LUNEDÌ 22 GIUGNO: LIBERTY ISLAND E FINANCIAL DISTRICT

Lunedì mattina abbiamo in programma la gita in barca fino alla Statua della Libertà, quindi dopo la colazione, stavolta fatta a casa con cookies e succo di mango, andiamo in metro verso downtown, e ci imbarchiamo sul traghetto che ci porterà a Liberty Island, lasciandoci indietro il meraviglioso skyline di Manhattan. Scopriamo la storia della bellissima Lady Liberty e la ammiriamo dal basso da ogni angolazione, a pranzo un hamburger e poi ci imbarchiamo nuovamente per raggiungere la vicina Ellis Island, dove ripercorriamo le vicissitudini degli immigranti (spesso italiani) che arrivavano nel paese dei sogni e delle speranze. Tornati a Manhattan, camminiamo verso la nuovissima Freedom Tower, o One Word Trade Center, il cielo si riflette nelle sue pareti a specchio, rendendola ancora più bella. Per ora decidiamo di non salire, anche vista la coda infinita all’ingresso, ma preferiamo visitare le fontane costruite laddove sorgevano le Torri Gemelle ed il memoriale dell’ 11 settembre, davvero toccante. Successivamente camminiamo per Wall Street e scattiamo l’immancabile fotografia col toro. Per cena decidiamo di portarci in zona Union Square e scegliamo la Tortaria un locale messicano molto semplice, frequentato per lo più da universitari, dove mangiamo dei buoni tacos sorseggiando un cocktail a base di tequila. Per digerire: un espresso da Eataly proprio accanto al bellissimo Flatiron, il palazzo triangolare a forma di ferro da stiro.

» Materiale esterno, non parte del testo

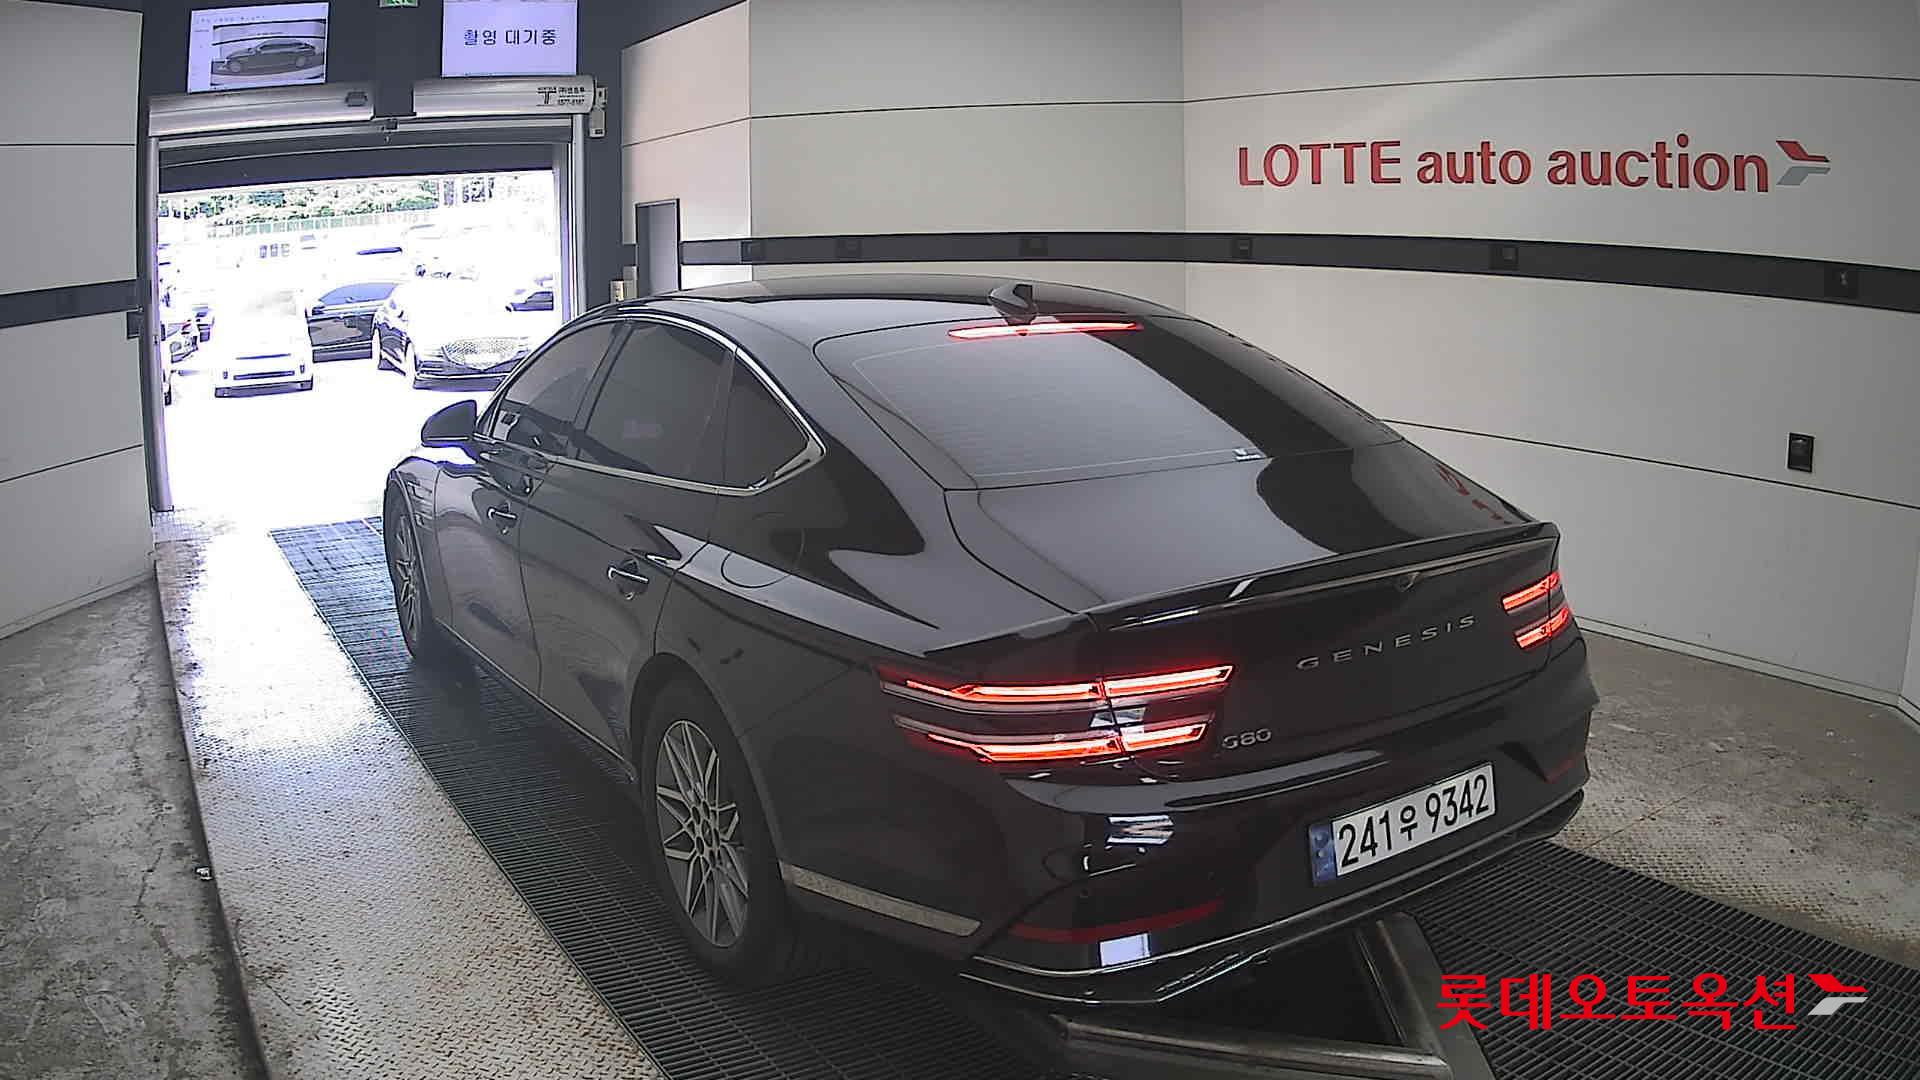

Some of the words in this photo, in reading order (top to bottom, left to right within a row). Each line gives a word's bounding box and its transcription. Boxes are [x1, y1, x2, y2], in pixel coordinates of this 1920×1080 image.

MARTEDÌ 23 GIUGNO: WEST VILLAGE, MUSEO DI STORIA NATURALE, EMPIRE STATE BUILDING

Martedì mattina ci incamminiamo subito verso la parte opposta di Manhattan, a piedi, per raggiungere la High Line, ma prima: la casa di Carrie di sex and the City vale una deviazione! Scattata la foto (semplicemente all’ingresso di una normalissima casa del West Village), saliamo sulla High Line, una ex ferrovia sopraelevata, ora parco alternativo e piacevole passeggiata. Una volta tornati sulla strada principale, torniamo indietro fino al Chelsea Market: inaspettato. Il mercato coperto è bellissimo, pieno di leccornie ed ordinatissimo! Ci facciamo ingolosire da del buon Roast Beef e ne assaggiamo qualche fetta, ma poi, nel reparto pescheria più pulito del mondo, ci cuociono al momento un’aragosta a vapore, semplice e fantastica! Dopo pranzo ci dirigiamo in metro verso il Museo di Storia Naturale, che devo dire mi ha un po’ deluso: mi aspettavo grandiosi dinosauri e invece ho trovato animali impagliati, qualche intricato concetto di storia della terra e la stanza più attesa (quella del t-rex) chiusa! Tornando a casa passiamo da Lincoln Center, un complesso di tre edifici legati al mondo dell’arte (tra cui l’Opera House) vicino alla famosa Juilliard school, dove però non c’è assolutamente nulla da fare (non avendo in programma di partecipare a qualche spettacolo) se non sdraiarci sulla simpatica gradinata di prato a rilassarci un po’. Arrivati a casa ci prepariamo per cena, che consumeremo da Momofuku, un moderno ristorante coreano-americano nel nostro quartiere, per poi raggiungere in taxi l’Empire State Building e ammirare dalle sue terrazze panoramiche la City illuminata.